What the task requires:
Repeat the whole listing below precisely. Omit all pictures.
═══
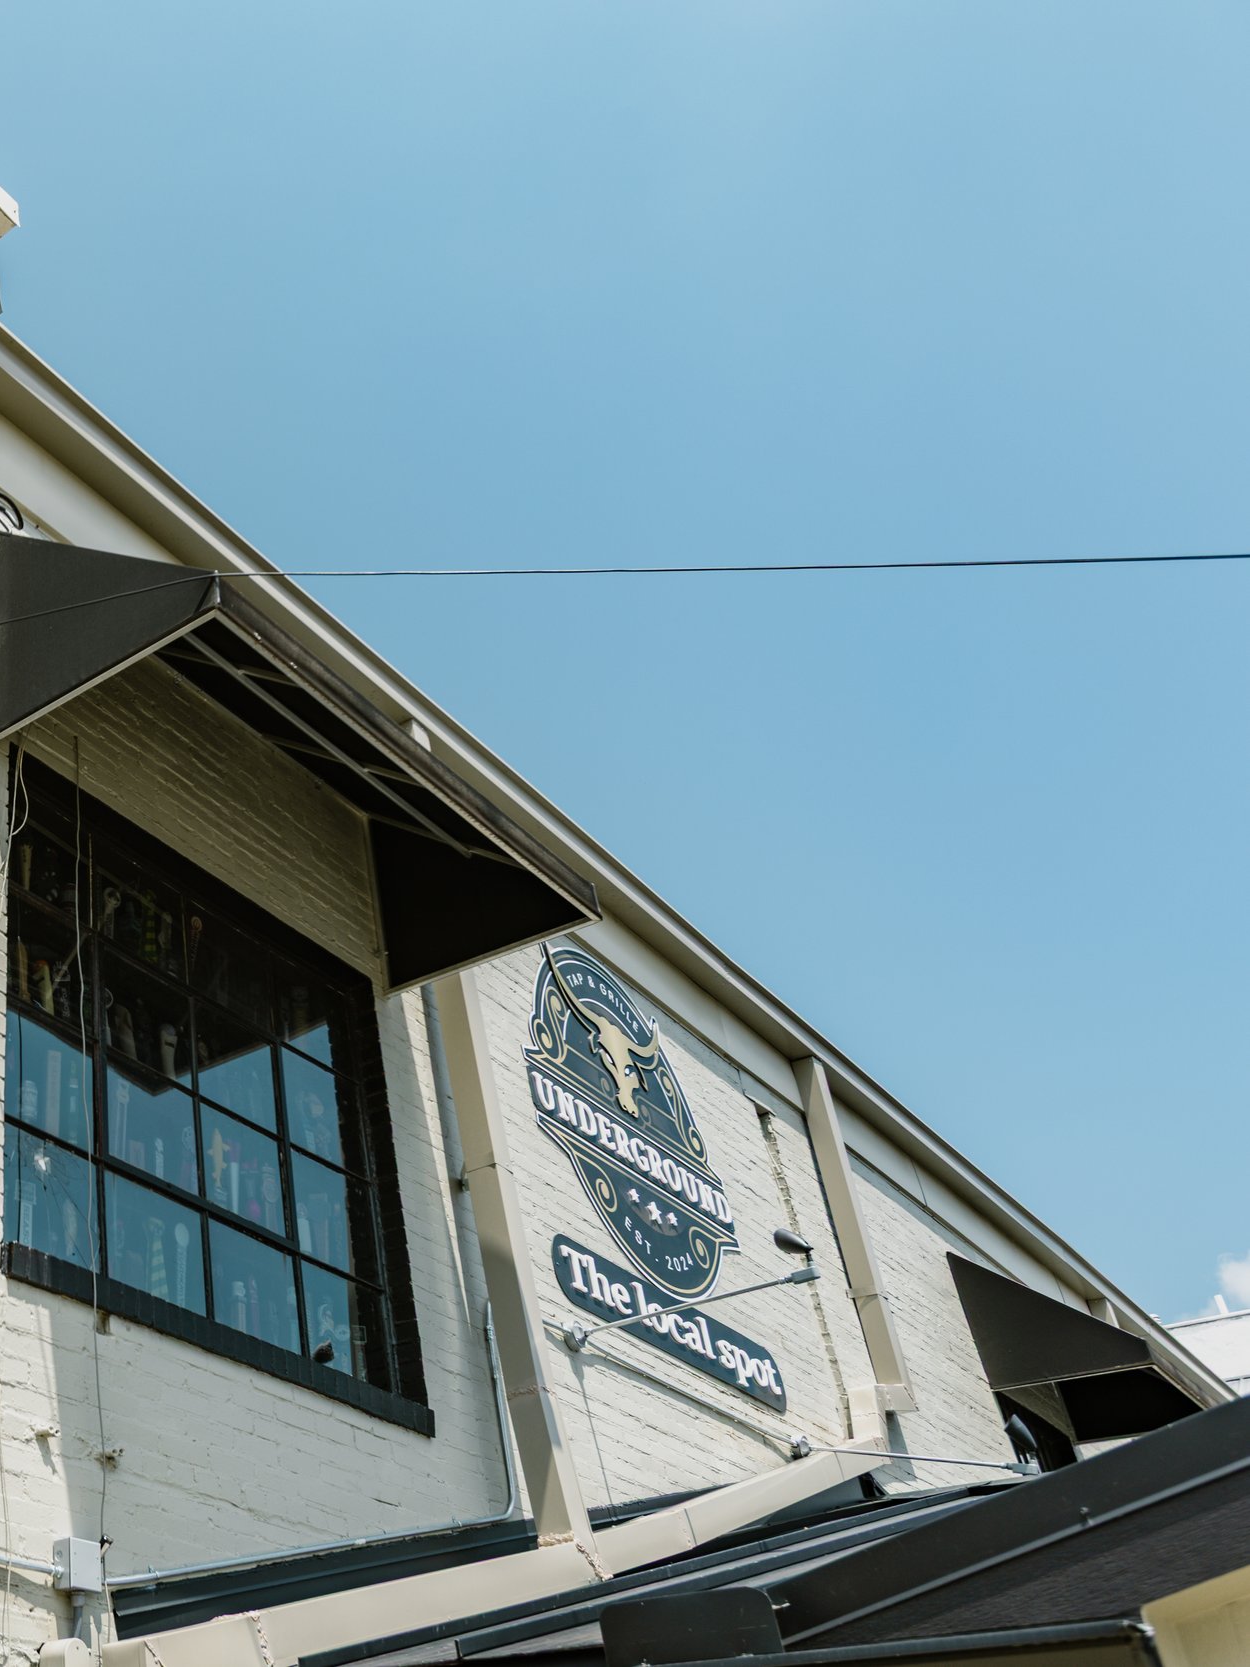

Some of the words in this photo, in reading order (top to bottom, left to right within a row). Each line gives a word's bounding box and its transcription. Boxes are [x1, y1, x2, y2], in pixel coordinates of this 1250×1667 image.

[566, 973, 584, 988] TAP
[587, 975, 596, 989] &
[599, 983, 639, 1033] GRILLE
[531, 1071, 732, 1224] UNDERGROUND
[665, 1252, 694, 1272] 2024
[559, 1244, 633, 1316] The
[630, 1281, 717, 1361] local
[715, 1339, 782, 1396] spot
═══
Completed exercise:
Some of the words in this photo, in reading order (top to bottom, left to right within a row). Each line gives a word's bounding box and its transcription. Boxes are [x1, y1, x2, y2], in pixel coordinates of this 1250×1667 image.

[566, 973, 584, 988] TAP
[587, 975, 596, 989] &
[599, 983, 639, 1033] GRILLE
[531, 1071, 732, 1224] UNDERGROUND
[665, 1252, 694, 1272] 2024
[559, 1244, 633, 1316] The
[630, 1281, 717, 1361] local
[715, 1339, 782, 1396] spot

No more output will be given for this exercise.